Invited Paper IPF+AS+BI+MN-TuM5
Single Molecule Imaging of Receptor Signalling

Tuesday, October 23, 2018, 9:20 am, Room 101B

Antigen recognition by the T cell receptor (TCR) is a hallmark of the adaptive immune system. When the TCR engages a peptide bound to the restricting major histocompatibility complex molecule (pMHC), it transmits a signal via the associated CD3 complex. How the extracellular antigen recognition event leads to intracellular phosphorylation remains unclear.

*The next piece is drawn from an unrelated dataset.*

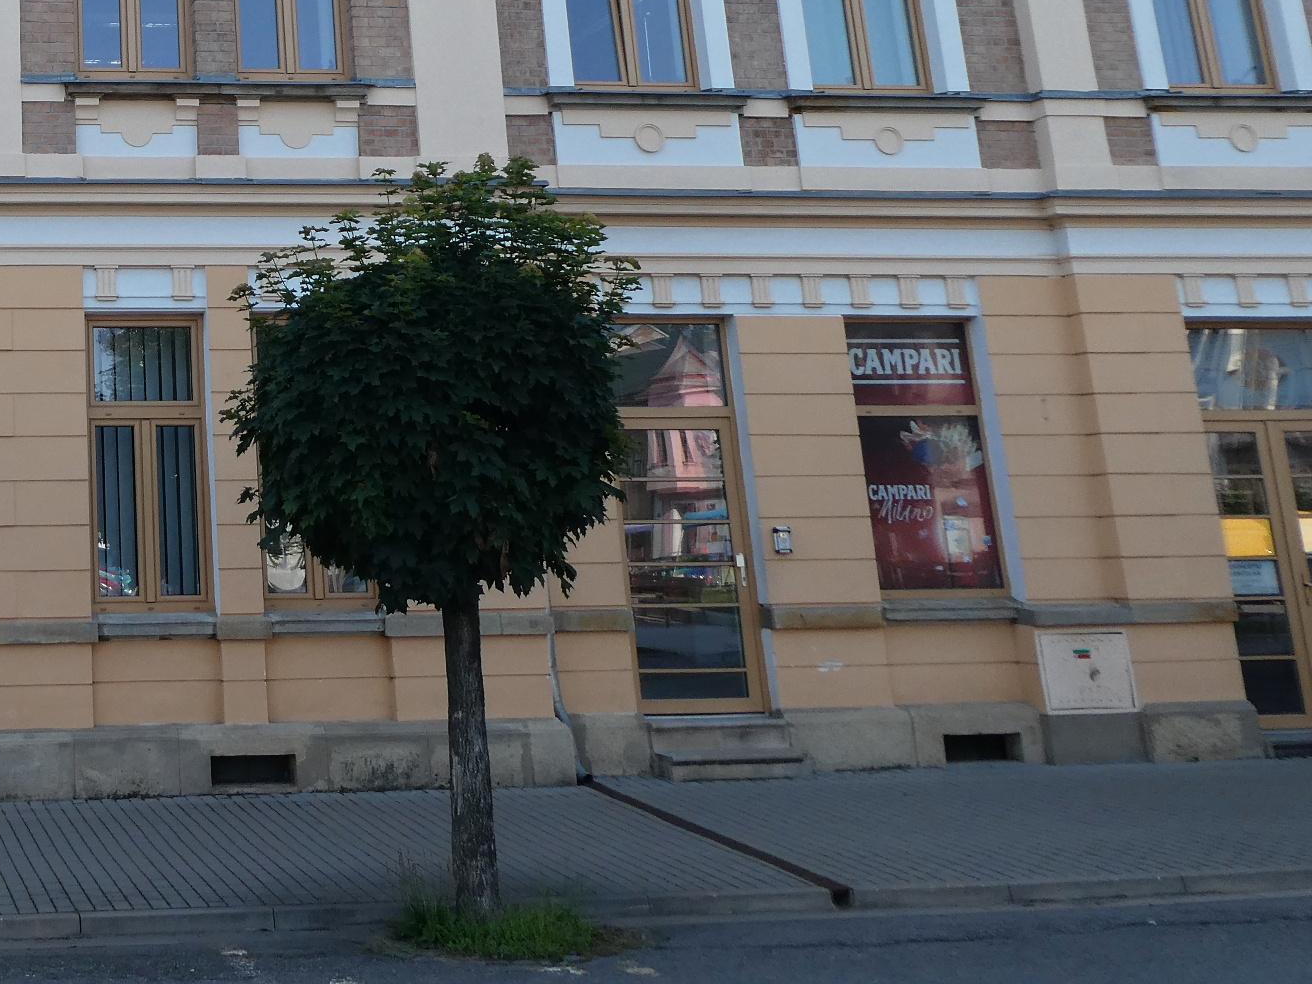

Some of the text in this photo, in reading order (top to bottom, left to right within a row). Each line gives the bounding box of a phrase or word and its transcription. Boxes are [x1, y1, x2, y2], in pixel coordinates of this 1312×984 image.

We develop single-molecule localization microscopy (SMLM) apporaches and novel analysis to determine how spatial organization regulates signal initiation and propagation. For example, we used SMLM data to map the organization of TCR-CD3 complexes into nanoscale clusters and to distinguish between triggered and non-triggered receptor copies. We found that only TCR-CD3 complexes in dense clusters were phosphorylated and associated with downstream signaling proteins, demonstrating that the molecular density within clusters dictates signal initiation. This lead us to propose a model in which antigen recognition is first translated into receptor clustering and then the density of receptor nanoclusters is translated into signaling. This model may explain how T cells can respond to both the affinity and dose of pMHC molecules with a common signal transduction mechanism (Pageon et al. PNAS 2016). We also developed novel FRET sensors to monitor the rate of receptor clustering (Ma et al. Nat Commun 2017) and a sensor that reports membrane charges (Ma et al. Nat Biotech 2017) to understand how biophysical properties of the plasma membrane contribute to TCR signaling.